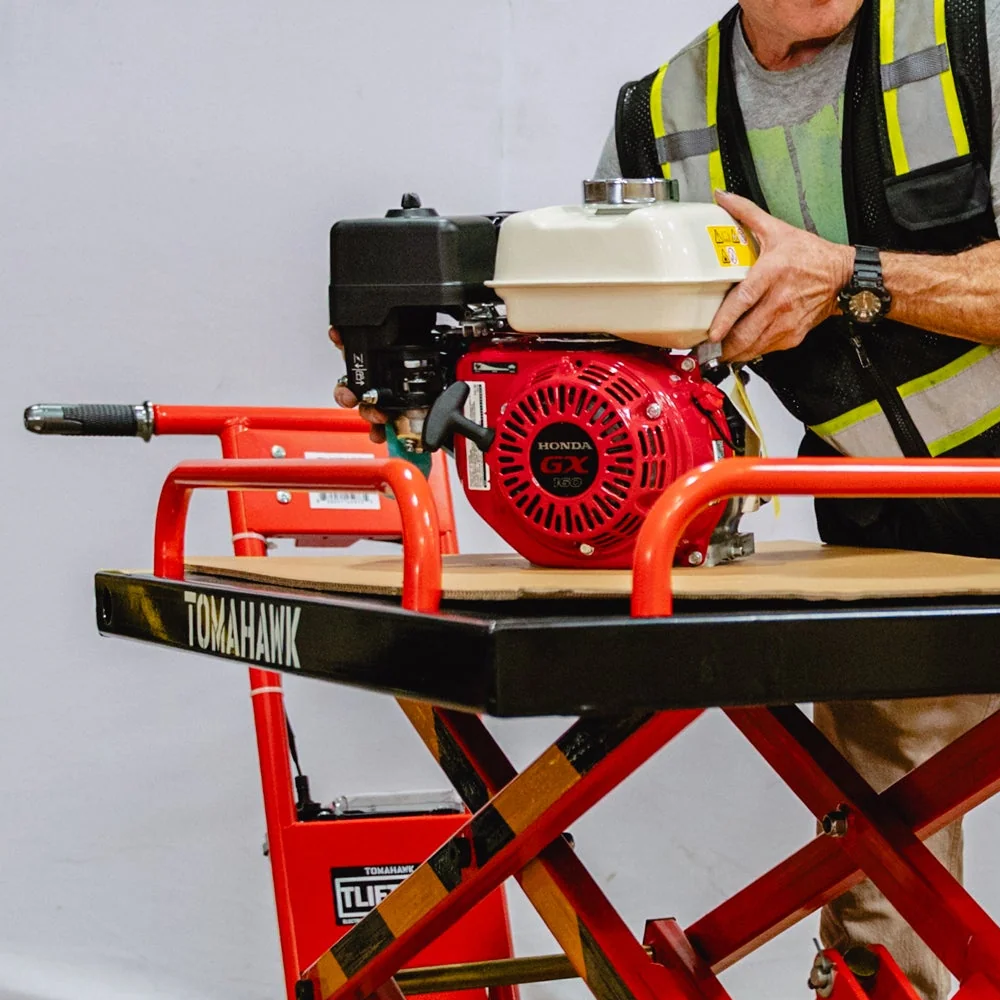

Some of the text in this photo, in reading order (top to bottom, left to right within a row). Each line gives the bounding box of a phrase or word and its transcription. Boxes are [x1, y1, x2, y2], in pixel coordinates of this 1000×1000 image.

[538, 441, 593, 450] HONDA
[541, 455, 589, 474] GX
[553, 477, 583, 488] 160
[184, 590, 301, 668] TOMAHAWK
[364, 865, 415, 875] TOMAHAWK
————————
_BRIEF_. The entries above need to be transcribed word for word, and the pictures stay out.

_ANSWER TO THE PROBLEM_.
Some of the text in this photo, in reading order (top to bottom, left to right within a row). Each line gives the bounding box of a phrase or word and its transcription. Boxes are [x1, y1, x2, y2], in pixel coordinates of this 1000×1000 image.

[538, 441, 593, 450] HONDA
[541, 455, 589, 474] GX
[553, 477, 583, 488] 160
[184, 590, 301, 668] TOMAHAWK
[364, 865, 415, 875] TOMAHAWK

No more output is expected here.